Stored entries:
══════════════════════════════

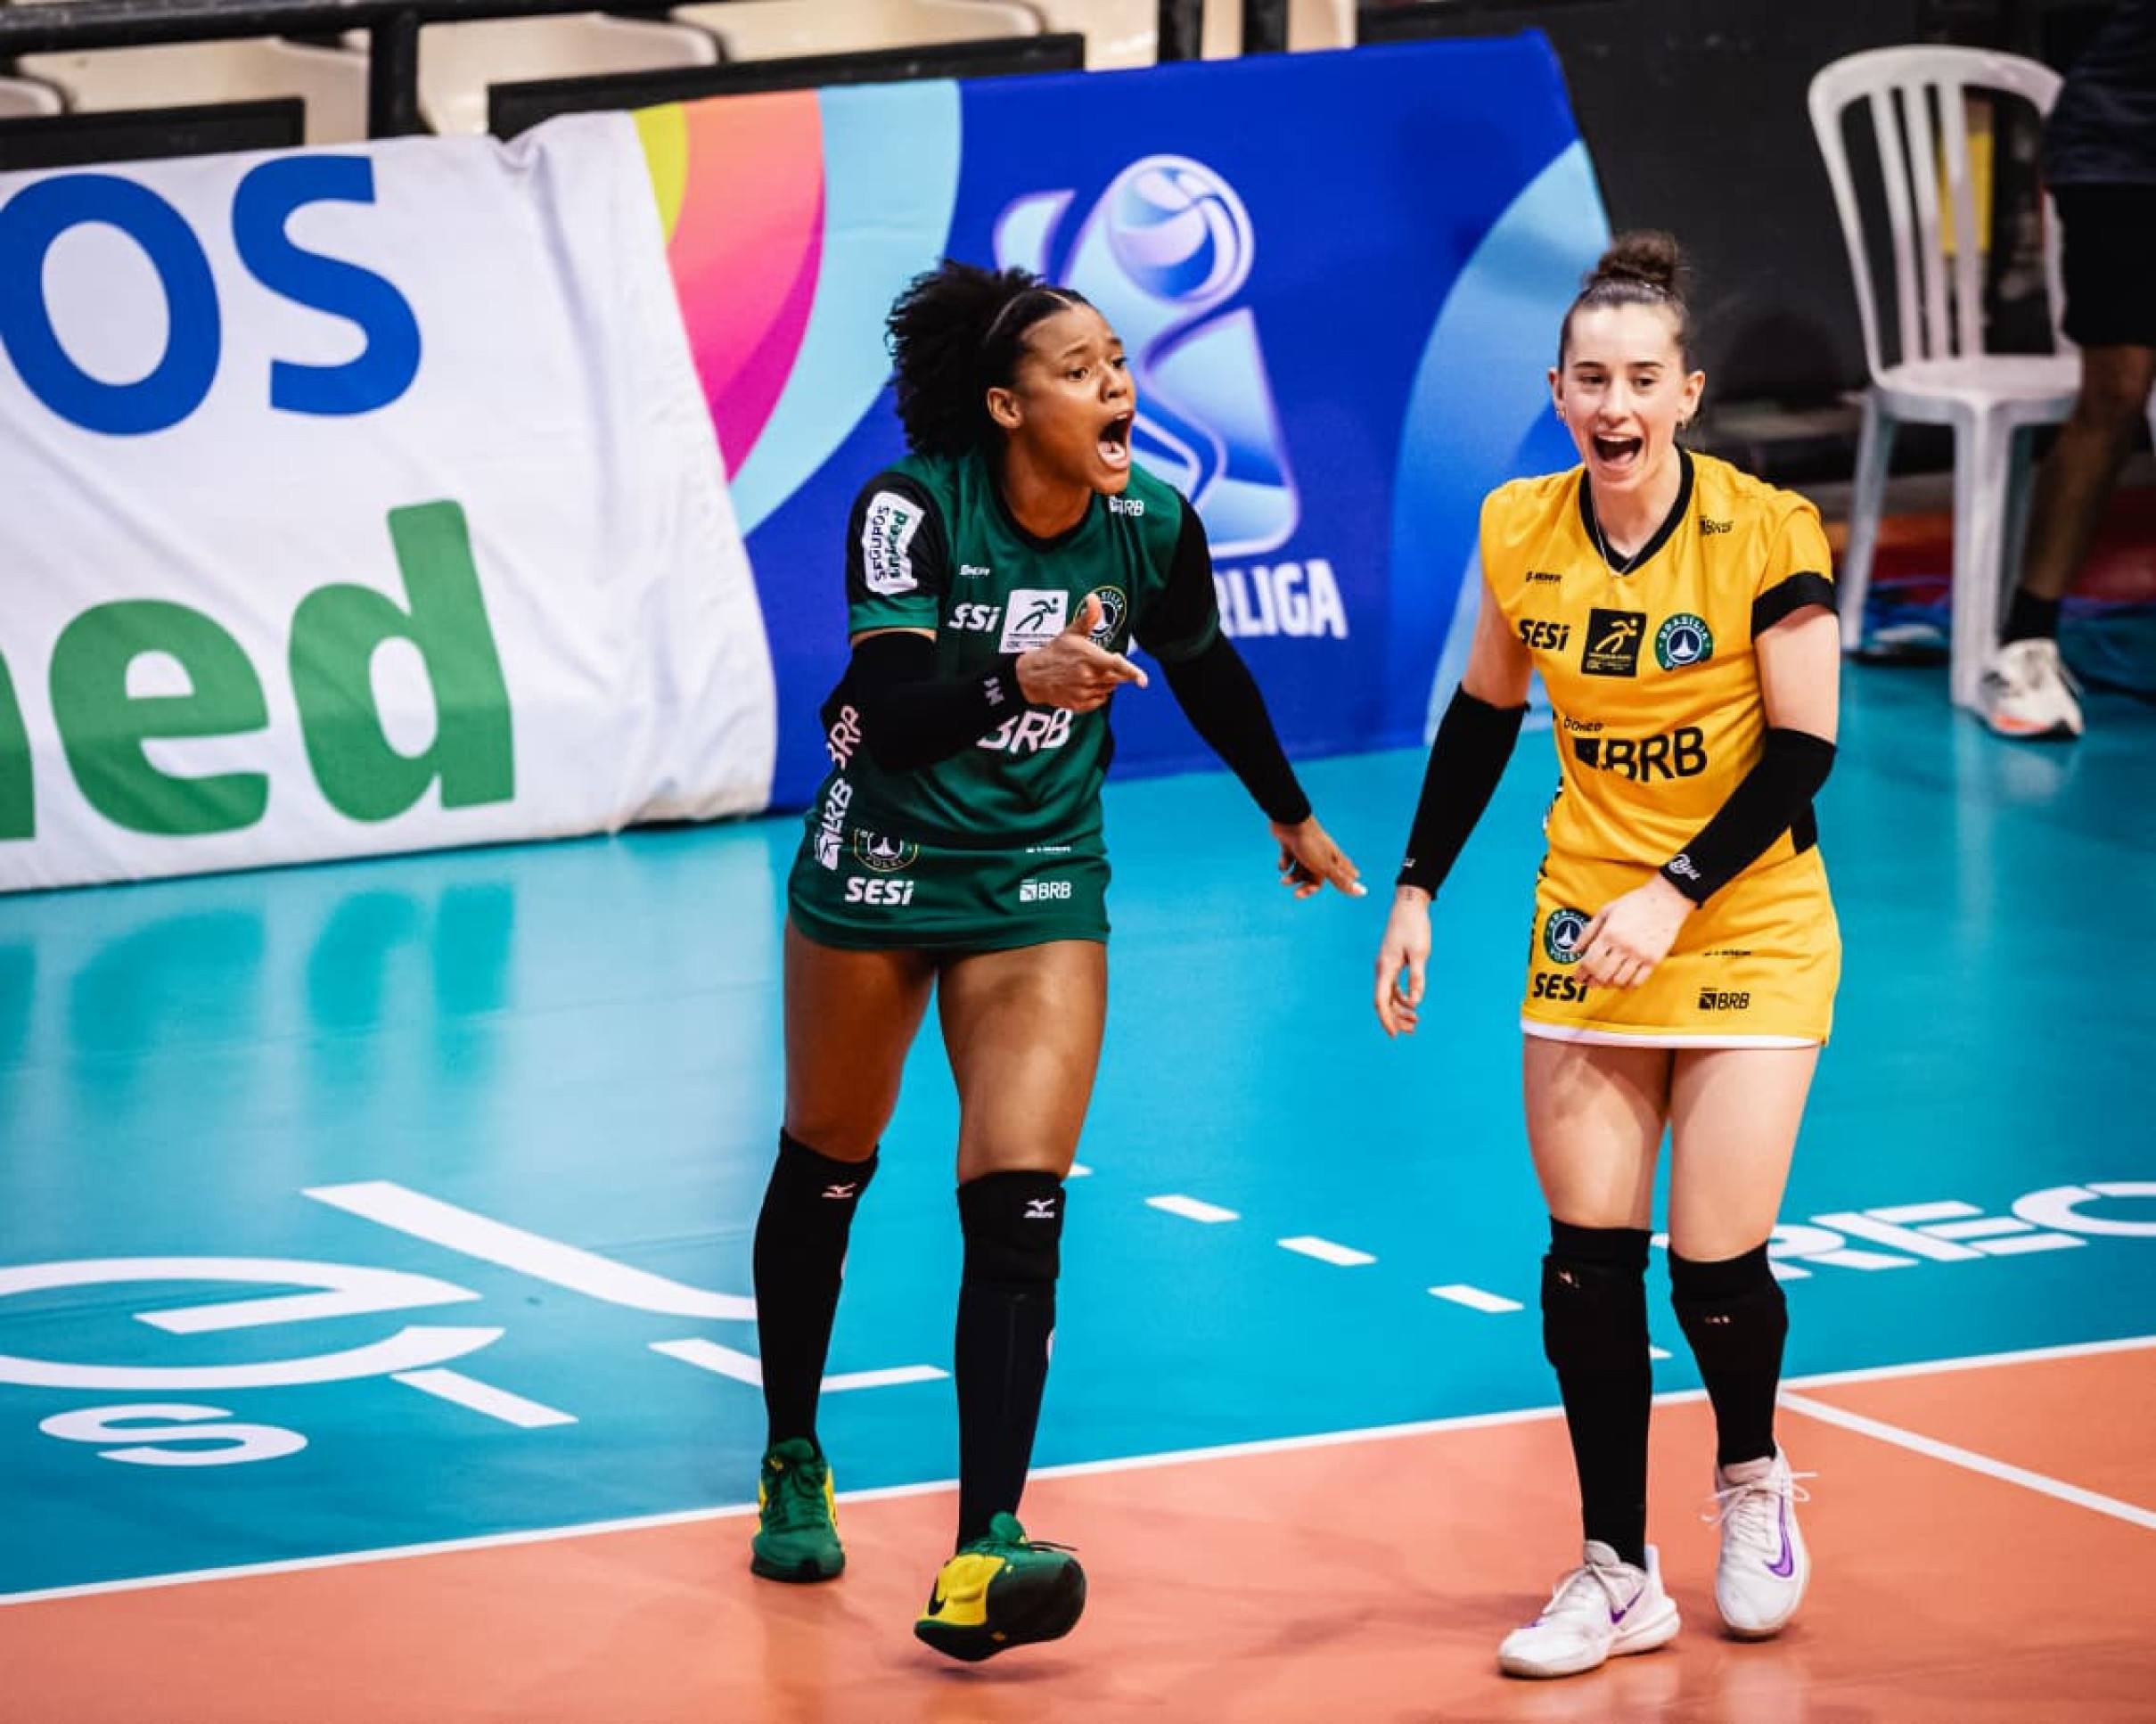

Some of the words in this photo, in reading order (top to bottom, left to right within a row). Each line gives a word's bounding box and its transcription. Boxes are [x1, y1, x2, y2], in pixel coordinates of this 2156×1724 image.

[0, 154, 422, 436] OS
[1602, 727, 1709, 783] BRB
[1038, 881, 1071, 899] BRB
[1717, 992, 1750, 1011] BRB

══════════════════════════════

# Directions for this task
Reproduce the data word for word without its images.

# Solution to the exercise
Some of the words in this photo, in reading order (top to bottom, left to right within a row). Each line gives a word's bounding box and its transcription. Boxes are [x1, y1, x2, y2], in pixel coordinates of this 2156×1724 image.

[0, 154, 422, 436] OS
[1602, 727, 1709, 783] BRB
[1038, 881, 1071, 899] BRB
[1717, 992, 1750, 1011] BRB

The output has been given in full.